遠隔地で心停止した患者のもとに、ドローンによって自動体外式除細動器(AED)を届けることの実現可能性を示した、シミュレーションによる研究の結果が明らかになった。トロント大学(カナダ)のJamal Chu氏らによると、ドローンによるAEDの搬送で、都市部と地方のいずれにおいても、救急要請の電話からAEDが心停止患者のもとに届くまでの時間が大幅に短縮することが示されたという。この研究結果は、米国心臓協会学術集会(AHA 2023、11月11~13日、米フィラデルフィア)で発表された。
AHAによると、毎年35万件以上の心停止が病院外で発生し、その生存率はわずか10%程度に過ぎないという。しかし、心停止状態でもAEDを使って心臓に電気ショックを与えれば、何割かの人を救える可能性がある。AHAは、必要に応じてAEDの使用を組み合わせた心肺蘇生法(CPR)をただちに受ければ、生存率は3倍に上昇する可能性があると推定している。しかし、院外心停止患者のうち、バイスタンダーによってAEDが使用された人の数は依然として少ないと研究者らは指摘している。特に、地方では、タイミングよくAEDにアクセスできないことが大きな障壁となっている。
Chu氏らは今回の研究で、米ノースカロライナ州の19の郡で発生した心停止患者のもとにAEDが届くまでの時間を、ドローンのネットワークによるAED運搬と従来の救急体制である地元のファーストレスポンダー〔救急医療サービス(EMS)スタッフ、消防隊員、警察官など〕が対応した場合とで比較するためのシミュレーションモデルを開発した。解析は2013~2019年にこれらの郡で発生した8,955件の院外心停止例を対象に行われた。このうち5,754件は都市部、3,201件は地方で発生した心停止例だった。

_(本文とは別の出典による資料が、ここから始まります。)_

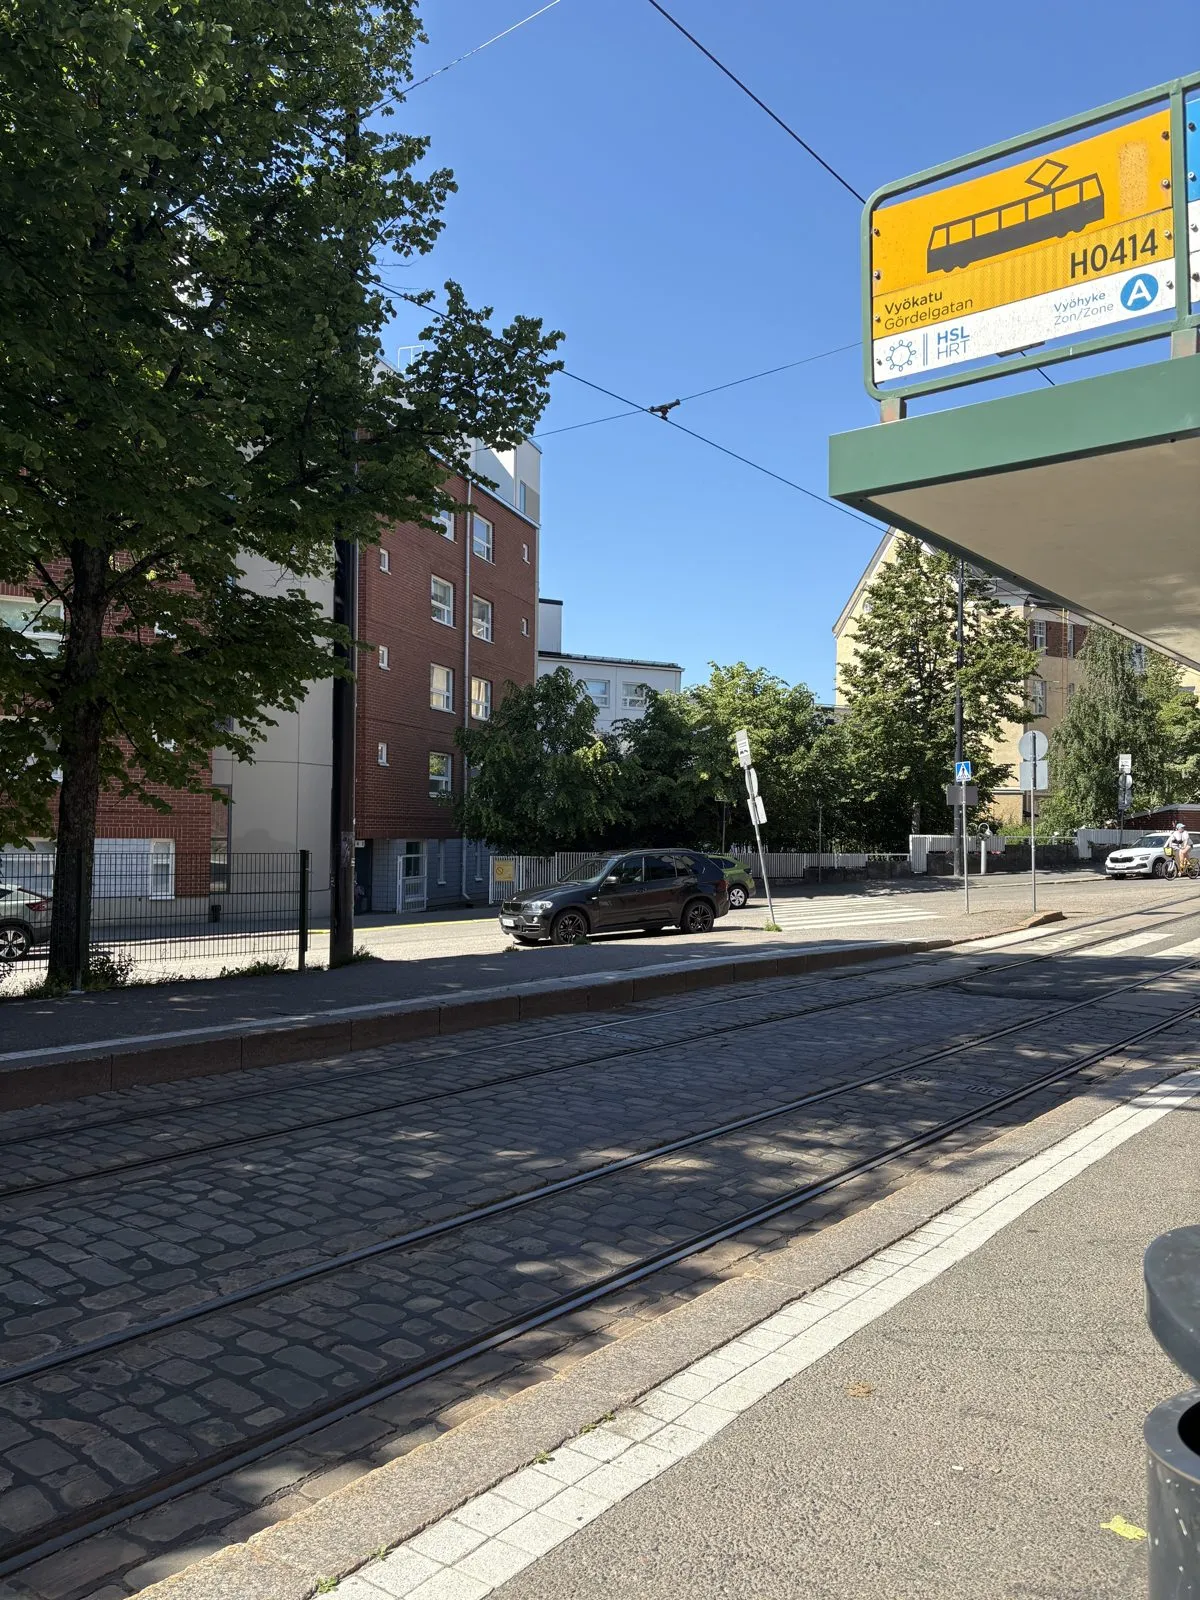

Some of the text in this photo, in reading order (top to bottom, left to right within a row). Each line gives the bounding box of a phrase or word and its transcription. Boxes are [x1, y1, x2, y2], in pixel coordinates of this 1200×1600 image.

[1071, 228, 1158, 279] H0414
[885, 291, 942, 315] Vyökatu
[1054, 292, 1106, 313] Vyöhyke
[1126, 278, 1152, 306] A
[884, 299, 973, 330] Gördelgatan
[1054, 303, 1114, 326] Zon/Zone
[937, 326, 970, 345] HSL
[937, 339, 970, 360] HRT

その結果、AEDが心停止患者のもとに届くまでの時間は、従来の救急体制の場合、都市部で平均6.9分、地方で平均9.4分であった。それに対し、ドローンによるAED運搬システムが最適化された場合、この時間は都市部で4分(42%の短縮)、地方では7分(24%の短縮)となることが示された。また、全てのファーストレスポンダーがAEDを保有し、AED搭載ドローンのシステムが最適化されているという2つの条件下で、5分以内にAEDが心停止患者のもとに届く確率は、都市部では24%から77%に、地方では10%から23%に向上することも示された。

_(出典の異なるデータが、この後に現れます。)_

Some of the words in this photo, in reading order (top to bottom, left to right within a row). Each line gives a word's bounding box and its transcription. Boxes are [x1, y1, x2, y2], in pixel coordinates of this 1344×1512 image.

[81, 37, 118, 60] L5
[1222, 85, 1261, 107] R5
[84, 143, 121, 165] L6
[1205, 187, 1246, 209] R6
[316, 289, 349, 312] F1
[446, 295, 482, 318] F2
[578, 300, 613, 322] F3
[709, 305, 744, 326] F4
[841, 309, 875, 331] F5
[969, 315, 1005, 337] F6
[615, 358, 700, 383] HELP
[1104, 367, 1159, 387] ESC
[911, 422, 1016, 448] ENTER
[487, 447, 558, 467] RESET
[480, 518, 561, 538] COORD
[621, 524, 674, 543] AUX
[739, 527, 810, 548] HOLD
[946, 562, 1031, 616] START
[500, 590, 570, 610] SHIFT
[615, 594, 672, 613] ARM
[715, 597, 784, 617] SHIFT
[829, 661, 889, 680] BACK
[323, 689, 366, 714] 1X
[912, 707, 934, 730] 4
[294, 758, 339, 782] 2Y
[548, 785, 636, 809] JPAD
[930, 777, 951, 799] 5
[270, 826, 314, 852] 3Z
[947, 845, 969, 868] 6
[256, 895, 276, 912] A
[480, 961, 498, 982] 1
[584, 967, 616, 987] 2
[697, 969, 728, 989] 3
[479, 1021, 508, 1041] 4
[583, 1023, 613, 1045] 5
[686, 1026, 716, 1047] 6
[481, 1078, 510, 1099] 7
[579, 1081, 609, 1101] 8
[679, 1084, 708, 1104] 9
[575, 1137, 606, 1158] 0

こうした結果を受けてChu氏らは、「全体として、ドローンのネットワークによって、解析した全ての郡の都市部と地方のいずれにおいても、救急要請からAED到着までの時間が有意に短縮することが示された」と結論付けている。またChu氏は、AHAのニュースリリースで、「都市部での改善度の方が地方よりも大きいことに少し驚いた。都市部に比べて地方ではEMSの対応に時間のかかることが以前から指摘されているが、われわれは、ドローンを使うことで地方での対応に要する時間が大きく短縮され、こうした不公平さを是正できるものと予測していた」と説明している。
ただし、Chu氏はこうしたドローンを用いたプログラムの導入には、「規制やインフラ、地域社会など、さまざまな面で多くの障壁がある」と指摘し、「例えば、われわれは今回、AEDが搬送された際には必ずバイスタンダーが回収して患者に使用すると仮定して解析した。しかし、そのような高いレベルでAEDを活用するには、ドローンのプログラムと地域の教育プログラムを一体化させる必要があるだろう」と述べている。